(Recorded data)
*** Block opens ***

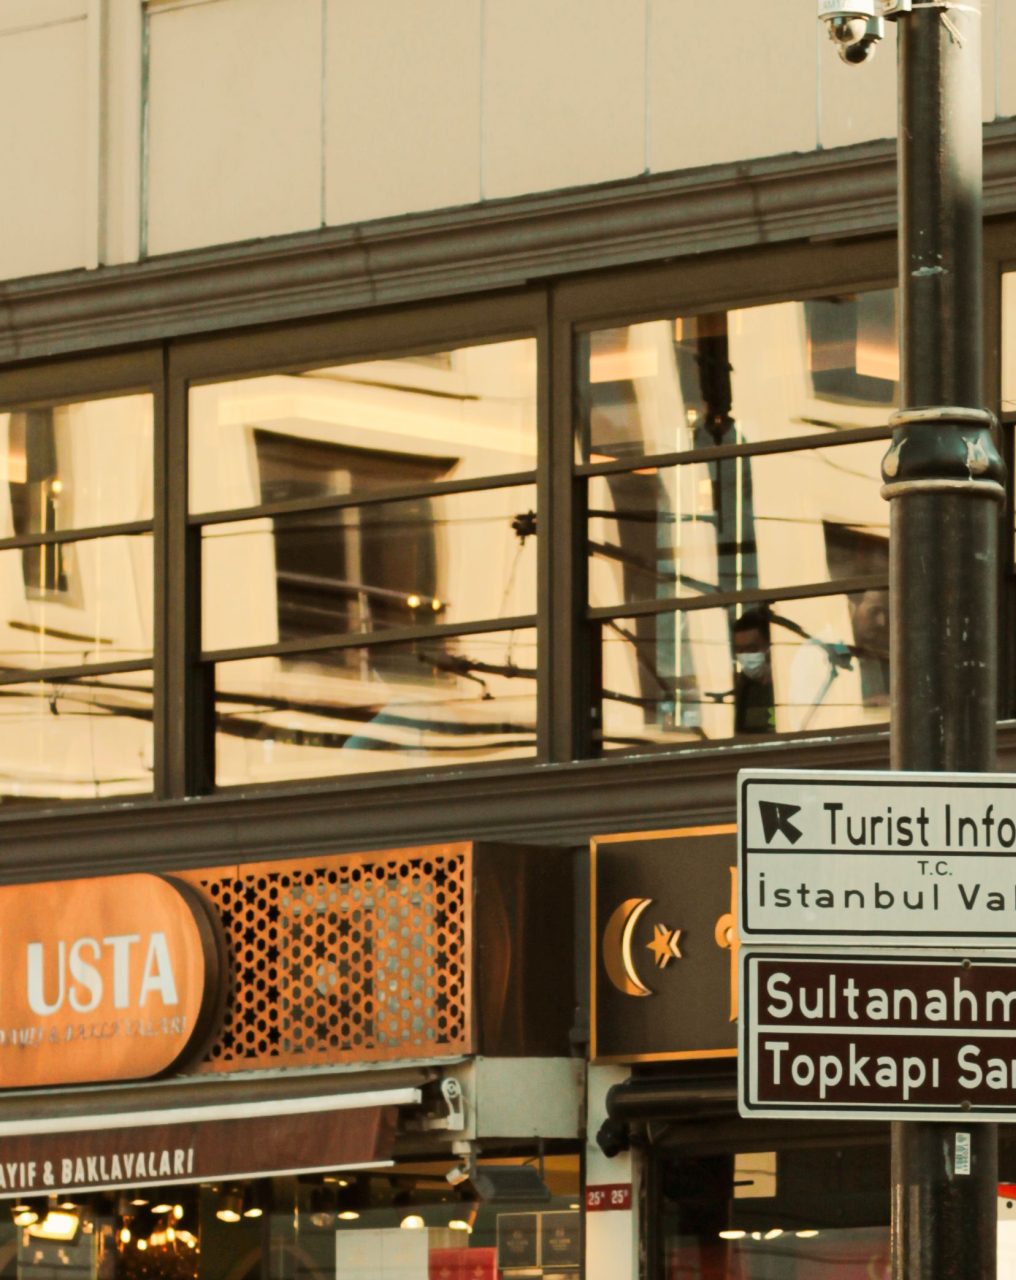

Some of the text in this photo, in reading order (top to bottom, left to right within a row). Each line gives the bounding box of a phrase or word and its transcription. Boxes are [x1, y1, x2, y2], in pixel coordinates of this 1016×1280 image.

[823, 803, 930, 847] Turist
[917, 860, 953, 876] T.C.
[758, 873, 939, 910] İstanbul
[26, 932, 178, 1017] USTA
[765, 1041, 940, 1101] Topkapı
[43, 1161, 55, 1185] &
[61, 1148, 194, 1184] BAKLAVALARI
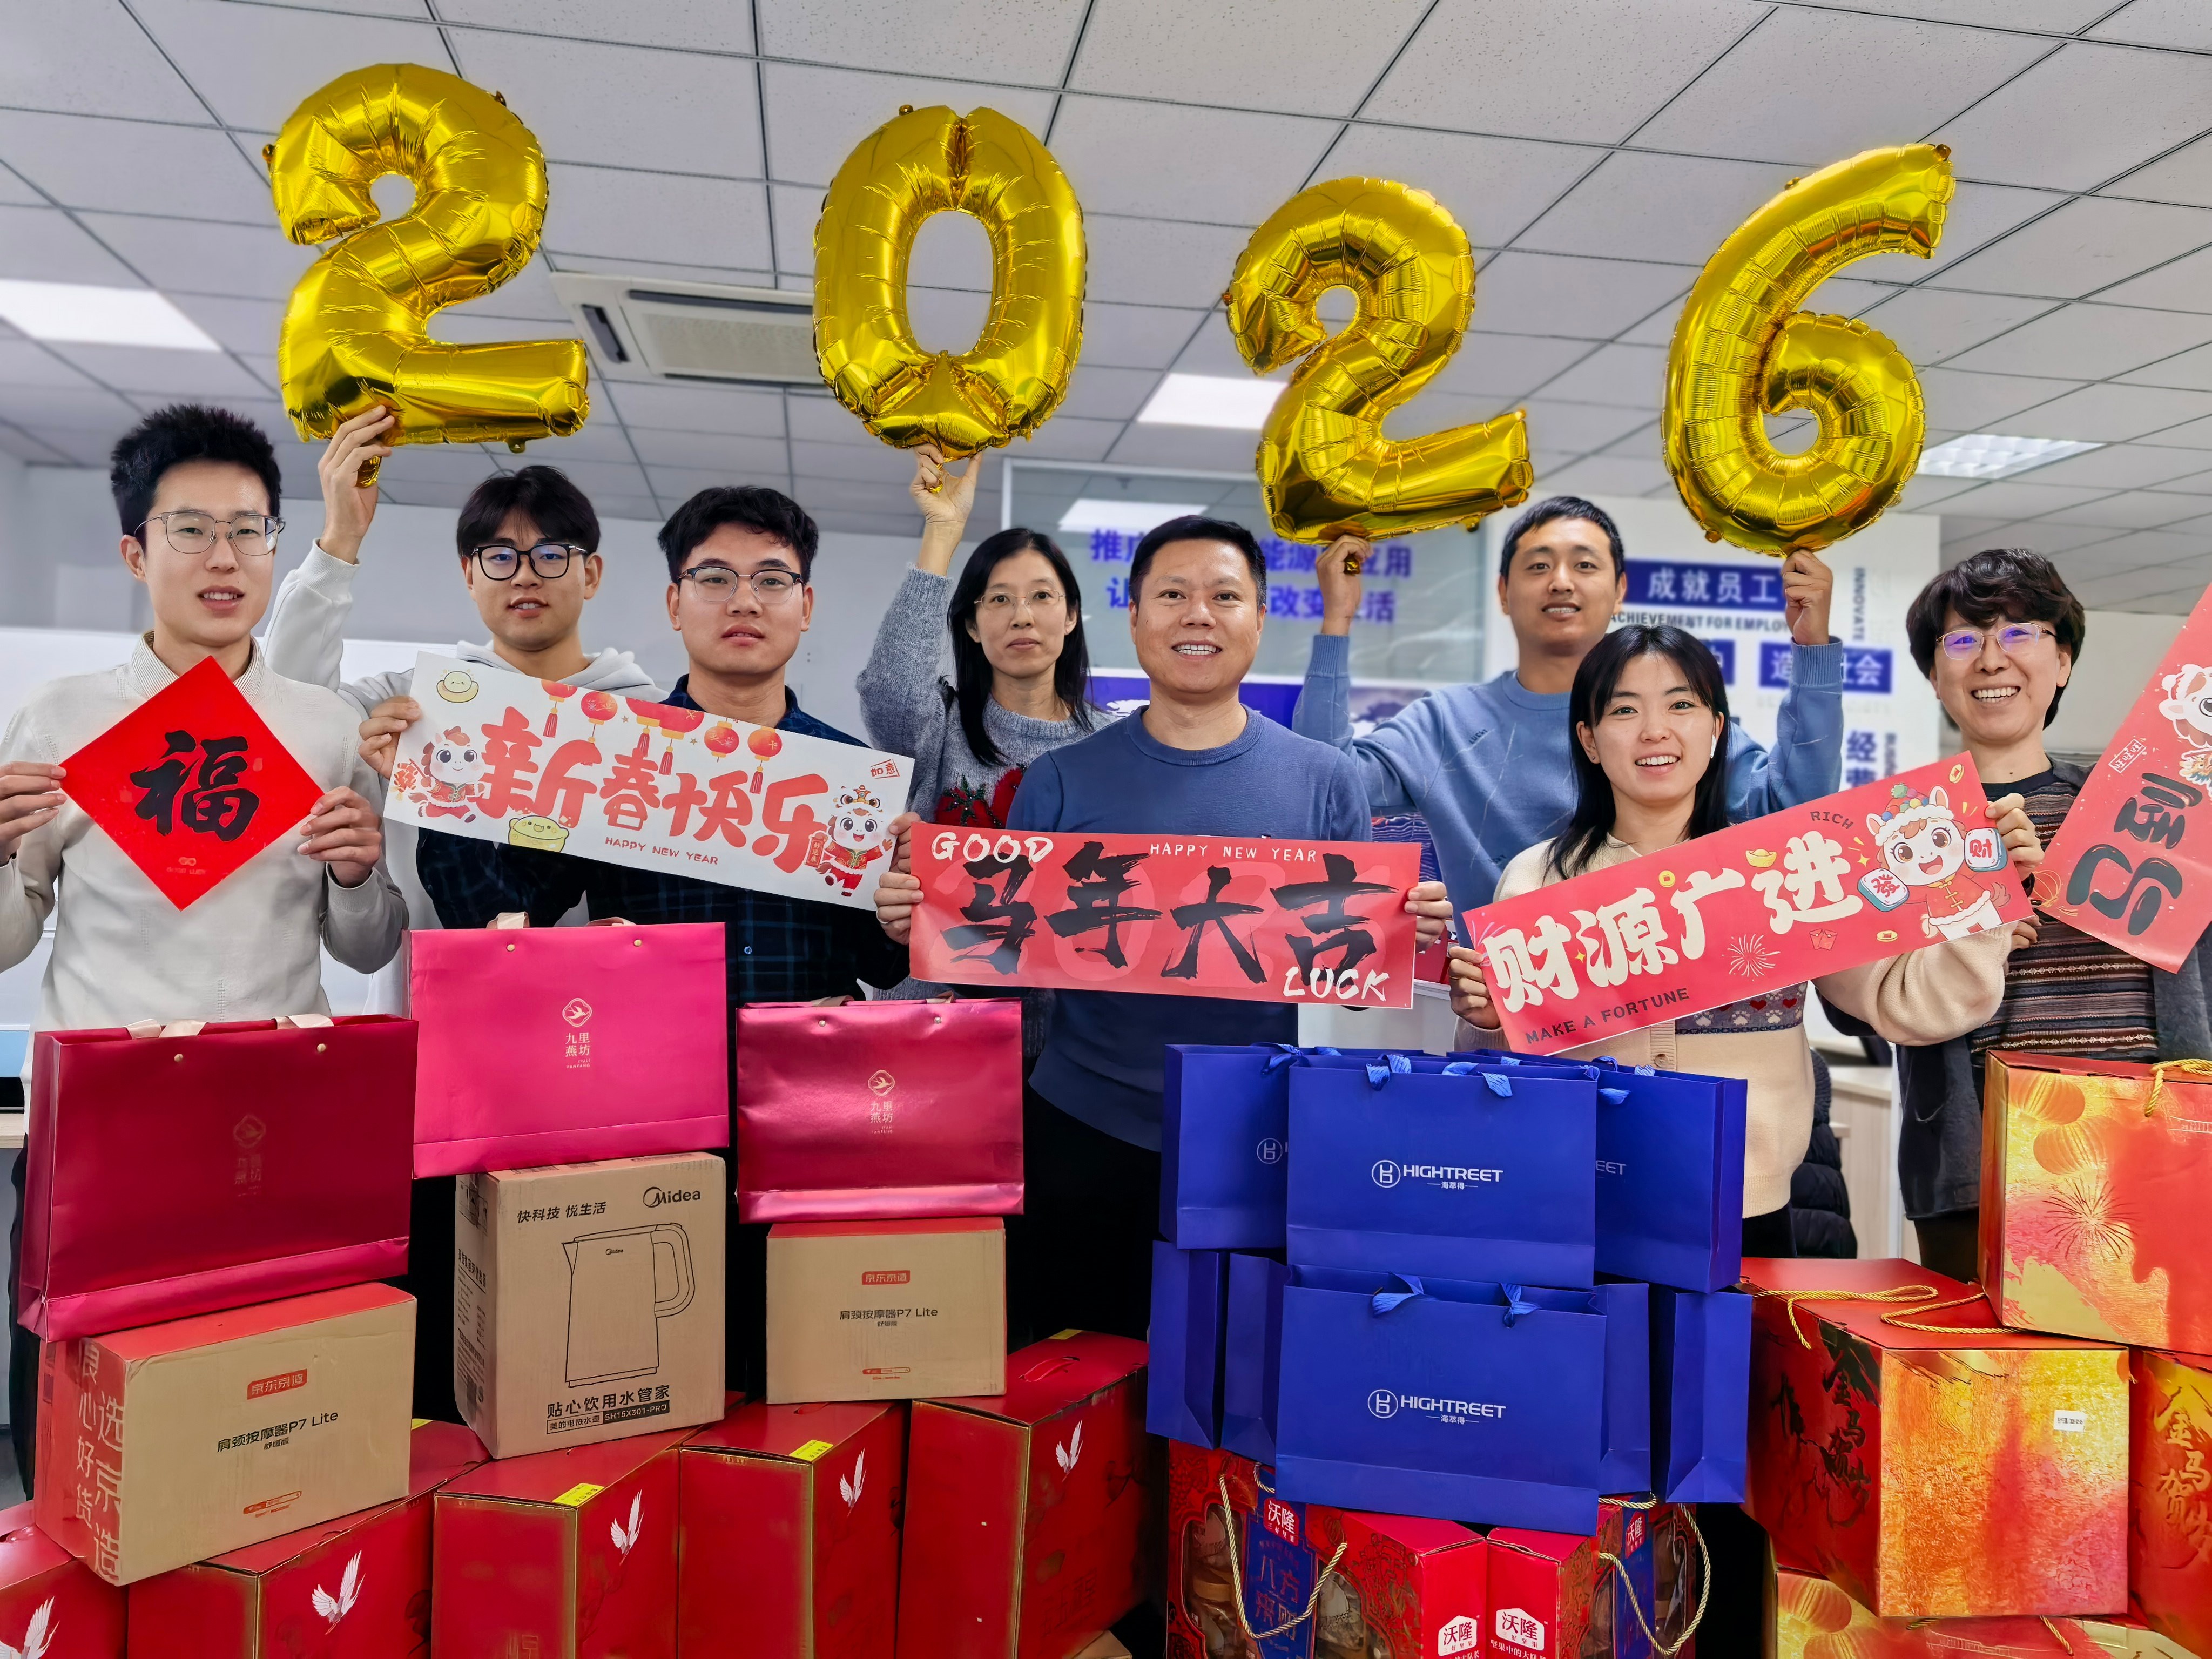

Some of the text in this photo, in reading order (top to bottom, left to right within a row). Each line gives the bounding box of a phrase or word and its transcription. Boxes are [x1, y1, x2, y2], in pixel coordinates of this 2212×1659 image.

[1648, 567, 1777, 603] 成就员工
[1853, 567, 1865, 640] INNOVATE
[1706, 616, 1732, 629] FOR
[130, 730, 260, 842] 福
[478, 706, 829, 873] 新春快乐
[1810, 810, 1853, 829] RICH
[605, 837, 718, 865] HAPPY NEW YEAR
[931, 831, 1055, 863] GOOD
[1149, 843, 1317, 862] HAPPY NEW YEAR
[1968, 838, 1993, 860] 财
[939, 840, 1400, 984] 马年大吉
[1483, 830, 1863, 1013] 财源广进
[1283, 966, 1390, 1001] LUCK
[1526, 987, 1690, 1044] MAKE A FORTUNE
[1403, 1165, 1503, 1182] HIGHTREET
[643, 1186, 701, 1208] Midea
[517, 1201, 606, 1224] 快科技 悦生活
[916, 1307, 938, 1317] Lite
[252, 1373, 304, 1395] 京东京造
[547, 1385, 670, 1419] 贴心饮用水管家
[604, 1404, 667, 1421] SH15X301-PRO
[1401, 1395, 1506, 1418] HIGHTREET
[217, 1412, 338, 1453] 肩颈按摩器P7 Lite
[1268, 1500, 1295, 1534] 沃隆
[1444, 1622, 1472, 1645] 沃隆
[1502, 1611, 1537, 1641] 沃隆

*** Block closes ***

PROBLEM DETAILS
Repeat word for word each line from the one with "this 2212×1659 image." to the end of the records above, inclusive.

COMPLETED EXERCISE
Some of the text in this photo, in reading order (top to bottom, left to right within a row). Each line gives the bounding box of a phrase or word and its transcription. Boxes are [x1, y1, x2, y2], in pixel coordinates of this 2212×1659 image.

[1648, 567, 1777, 603] 成就员工
[1853, 567, 1865, 640] INNOVATE
[1706, 616, 1732, 629] FOR
[130, 730, 260, 842] 福
[478, 706, 829, 873] 新春快乐
[1810, 810, 1853, 829] RICH
[605, 837, 718, 865] HAPPY NEW YEAR
[931, 831, 1055, 863] GOOD
[1149, 843, 1317, 862] HAPPY NEW YEAR
[1968, 838, 1993, 860] 财
[939, 840, 1400, 984] 马年大吉
[1483, 830, 1863, 1013] 财源广进
[1283, 966, 1390, 1001] LUCK
[1526, 987, 1690, 1044] MAKE A FORTUNE
[1403, 1165, 1503, 1182] HIGHTREET
[643, 1186, 701, 1208] Midea
[517, 1201, 606, 1224] 快科技 悦生活
[916, 1307, 938, 1317] Lite
[252, 1373, 304, 1395] 京东京造
[547, 1385, 670, 1419] 贴心饮用水管家
[604, 1404, 667, 1421] SH15X301-PRO
[1401, 1395, 1506, 1418] HIGHTREET
[217, 1412, 338, 1453] 肩颈按摩器P7 Lite
[1268, 1500, 1295, 1534] 沃隆
[1444, 1622, 1472, 1645] 沃隆
[1502, 1611, 1537, 1641] 沃隆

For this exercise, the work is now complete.